Confus, le jeune homme ne savait que faire. Daniel le laissa incertain quelques jours encore puis revint vers lui.

-Tout va bien. Nous allons pouvoir reprendre nos étreintes...

Elles redevinrent si fréquentes que parfois, Webster devait se montrer ferme.

-Je te laisse quelques heures, je dois écrire. Dès que j'ai fini, je te prends de nouveau... Tu n'as pas d'inquiétude ?

-Non Daniel.

-Reste ainsi, reste nu. C'est aussi bien.

-Oui, je vous attends ainsi.J'ai déjà hâte...

-Je durerai en toi. Je sais quels sont tes besoins...

Webster justifiait les demandes les plus folles et, désormais, avait toujours gain de cause.

-Je ne suis ni un vampire qui se nourrit de toi ni un fornicateur qui te soumet à ses caprices ! Niels, ne crois pas que je me repaisse de ton corps pour le vil assouvissement de pulsions basiques. Si tu avales mon foutre et bois ma pisse et si je fais de même, c'est pour te délivrer, te purifier ! Oui, je te libère ! N'y a t'il pas un jour où je ne prouve ma dévotion ? N'as tu pas conscience de tout ce que je fais pour t'aider ? Tu as été frappé mais tu vas redevenir magnifique ! L'amour que j'ai pour toi est d'essence divine...

 

10 octobre 2024

La Nuit de L'Envol. Partie 3. Guéri mais meurtri. Niels à la croisée des chemins.

 

Chez Daniel Webster, le danseur Niels Lindhardt est arrivé épuisé. Le voilà délivré de ce qui l'entravait et, de nouveau, plein de projets. Toutefois, le plus dur est à venir...

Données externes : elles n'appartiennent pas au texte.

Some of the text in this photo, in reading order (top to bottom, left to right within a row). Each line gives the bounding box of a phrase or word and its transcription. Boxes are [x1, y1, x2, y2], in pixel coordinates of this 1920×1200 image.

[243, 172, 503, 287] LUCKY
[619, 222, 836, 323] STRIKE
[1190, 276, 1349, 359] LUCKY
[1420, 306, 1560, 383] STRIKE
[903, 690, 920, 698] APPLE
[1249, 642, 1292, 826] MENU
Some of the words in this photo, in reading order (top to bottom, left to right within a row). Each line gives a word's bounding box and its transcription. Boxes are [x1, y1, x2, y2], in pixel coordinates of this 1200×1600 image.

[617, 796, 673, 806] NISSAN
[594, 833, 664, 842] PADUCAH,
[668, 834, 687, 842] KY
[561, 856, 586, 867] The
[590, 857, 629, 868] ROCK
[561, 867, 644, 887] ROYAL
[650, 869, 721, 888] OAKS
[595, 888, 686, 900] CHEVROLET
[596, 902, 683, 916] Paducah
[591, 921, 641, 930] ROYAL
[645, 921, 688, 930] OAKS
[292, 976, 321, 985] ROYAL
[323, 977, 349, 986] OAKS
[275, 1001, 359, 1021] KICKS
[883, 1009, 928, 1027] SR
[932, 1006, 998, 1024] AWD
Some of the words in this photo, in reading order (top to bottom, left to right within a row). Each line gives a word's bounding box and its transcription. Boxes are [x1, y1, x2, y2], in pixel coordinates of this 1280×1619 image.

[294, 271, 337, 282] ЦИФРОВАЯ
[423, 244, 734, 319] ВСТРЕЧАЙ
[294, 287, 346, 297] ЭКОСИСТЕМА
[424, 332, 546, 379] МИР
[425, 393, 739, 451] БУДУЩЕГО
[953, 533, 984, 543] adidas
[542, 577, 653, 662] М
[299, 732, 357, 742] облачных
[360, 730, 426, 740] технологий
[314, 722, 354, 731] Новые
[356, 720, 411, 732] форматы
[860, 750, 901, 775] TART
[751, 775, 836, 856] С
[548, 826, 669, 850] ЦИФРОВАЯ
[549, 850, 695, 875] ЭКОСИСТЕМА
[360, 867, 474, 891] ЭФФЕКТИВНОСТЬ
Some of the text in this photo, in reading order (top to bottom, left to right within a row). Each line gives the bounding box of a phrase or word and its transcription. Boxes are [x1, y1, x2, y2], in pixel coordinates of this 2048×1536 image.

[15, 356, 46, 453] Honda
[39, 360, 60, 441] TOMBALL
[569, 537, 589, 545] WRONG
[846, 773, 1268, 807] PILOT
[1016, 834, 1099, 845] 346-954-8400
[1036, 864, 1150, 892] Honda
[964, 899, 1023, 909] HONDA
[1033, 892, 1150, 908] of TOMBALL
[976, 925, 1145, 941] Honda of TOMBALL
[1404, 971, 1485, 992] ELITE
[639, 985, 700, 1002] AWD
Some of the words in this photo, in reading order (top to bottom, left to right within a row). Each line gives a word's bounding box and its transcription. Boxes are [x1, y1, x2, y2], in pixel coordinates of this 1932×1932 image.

Niels, qui adorait Daniel, en était persuadé. Du reste, il soigna sa blessure, et reprit du poids. Son sommeil redevint régulier et il se remit à aimer la vie. Au bout de quelques semaines, il se mit à courir dans Brooklyn et fit de longues promenades avec Daniel, allant souvent jusqu'à Manhattan. Quand il se sentit prêt, il gagna un studio de danse où il recommença à s'entraîner. Cependant, il avait été limogé du New York City ballet de façon très cavalière. Il ne pourrait retrouver son niveau d’antan.

-C'est très injuste, Daniel !

-Oui, ça l'est.

Naïvement, le danseur pensait à se faire engager par une autre troupe d'envergure sur le sol américain et ne désespérait pas d'y parvenir. Il méconnaissait les desseins de son compagnon et ceux-ci allaient dans une direction tout autre. Il importait peu que Niels retrouvât le succès comme danseur classique car Webster n'en voyait pas l'intérêt. Il voulait bien sûr que son partenaire allât mieux. Il lui suffirait alors de se produire de temps en temps dans une toute autre compagnie qui serait axée sur la danse contemporaine. Un temps, il ferait ainsi puis il ne ferait plus rien. Ça n'avait aucune importance. Il était sa créature, celle sur laquelle il viellait jalousement. C'était à lui de lui construire l'avenir auquel il n'aurait jamais songé lui-même. Le reste était dénué d'intérêt mais bien sûr, il ne laissait rien paraître.

-Je ne dirais pas que je me suis blessé.

-Tu ne le diras pas.

 

10 octobre 2024

La Nuit de L'Envol. Partie 3. Diane à Albany. Encenser Niels et Daniel.

 

Comme les fêtes de fin d'année se profilaient, il lui dit :

-Nous irons à Albany, chez ma sœur.

Et ils y allèrent. L'hiver était arrivé et le trajet entre New York et Albany fut marqué par le dénuement et la grisaille des paysages. A leur arrivée, ils furent accueillis par une Diane solitaire, vêtue de lainages marron et couverte de bijoux anciens. Elle fut plus mondaine que chaleureuse, dévora Niels des yeux et leur attribua la même chambre. Se débrouillant pour être seule avec le jeune homme, elle lui dit :

-Vous êtes magnifique ! Daniel est vraiment le compagnon qu'il vous fallait. Vous portez beau l'un et l'autre et dans des genres très différents. Ah, vous avez un bel avenir !

Toujours sous le charme de Webster, le danseur rit et abonda dans le sens de cette femme étrange. L'écrivain arrivant, elle renouvela ses compliments tandis que celui ci passait autour des épaules de son jeune compagnon un bras protecteur.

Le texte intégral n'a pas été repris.